DIRECTIONS — Repeat the entries below exactly. Drop the pictures.

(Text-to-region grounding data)
============
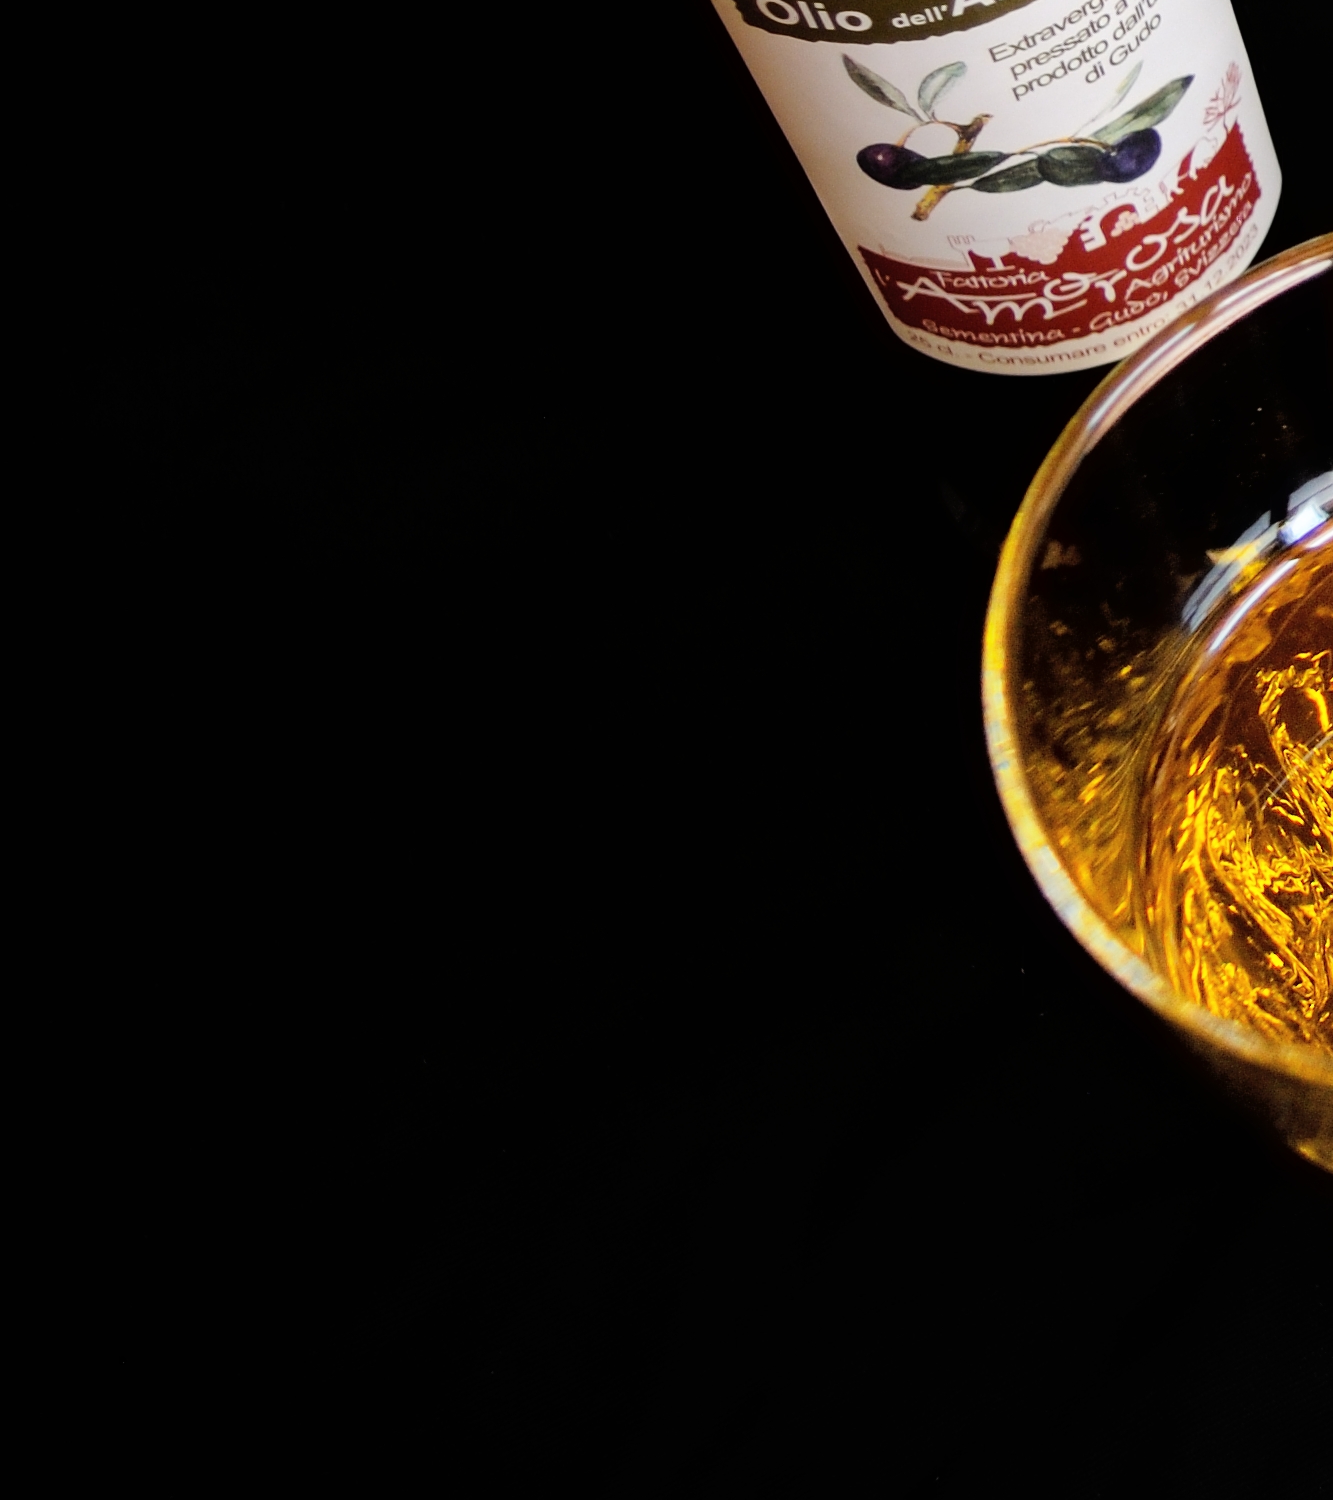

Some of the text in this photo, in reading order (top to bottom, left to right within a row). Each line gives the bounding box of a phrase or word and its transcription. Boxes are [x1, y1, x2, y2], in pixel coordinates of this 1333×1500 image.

[1010, 13, 1111, 80] pressato
[1115, 0, 1128, 16] a
[1011, 39, 1109, 101] prodotto
[1084, 13, 1162, 84] di Gudo
[1124, 172, 1252, 301] Agriturismo
[930, 268, 1050, 289] Fattoria
[922, 318, 1066, 344] Sementina
[978, 343, 1107, 365] Consumare
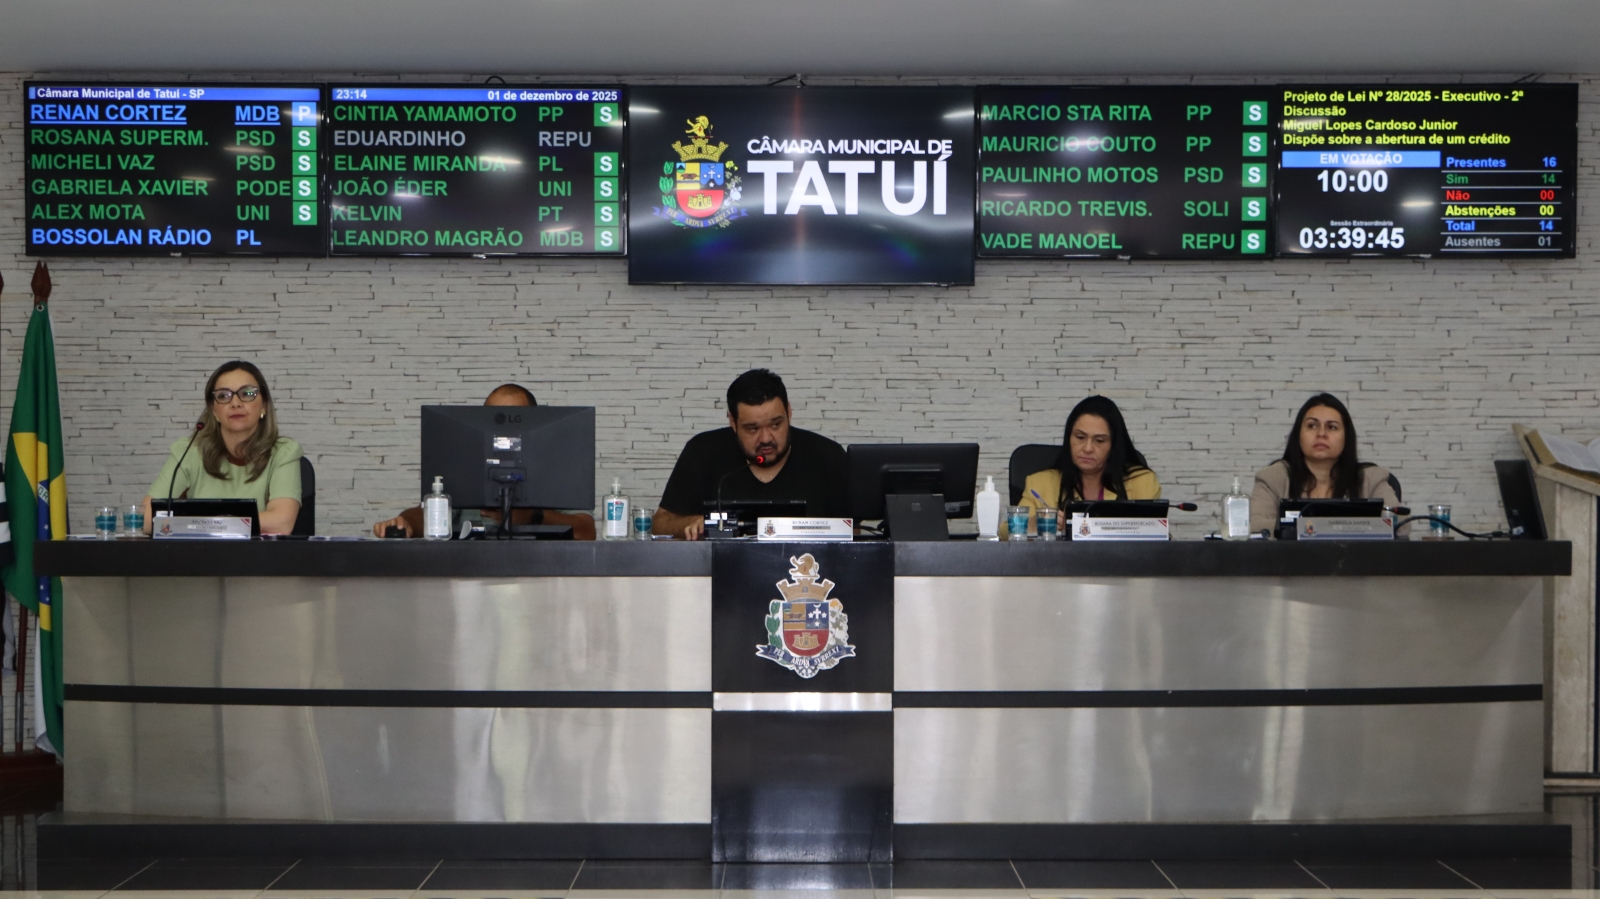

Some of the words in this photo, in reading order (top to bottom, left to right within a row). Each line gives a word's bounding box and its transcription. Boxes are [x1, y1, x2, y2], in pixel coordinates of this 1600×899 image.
============
RESULT —
Some of the text in this photo, in reading order (top to bottom, left to right within a row). Each line gives the bounding box of a phrase or word and its transcription. Boxes are [x1, y1, x2, y2], in pixel coordinates of this 1333×1500 image.

[1010, 13, 1111, 80] pressato
[1115, 0, 1128, 16] a
[1011, 39, 1109, 101] prodotto
[1084, 13, 1162, 84] di Gudo
[1124, 172, 1252, 301] Agriturismo
[930, 268, 1050, 289] Fattoria
[922, 318, 1066, 344] Sementina
[978, 343, 1107, 365] Consumare

Some of the words in this photo, in reading order (top to bottom, left to right within a row). Each line gives a word's bounding box and its transcription. Boxes are [x1, y1, x2, y2], in pixel coordinates of this 1600×899 image.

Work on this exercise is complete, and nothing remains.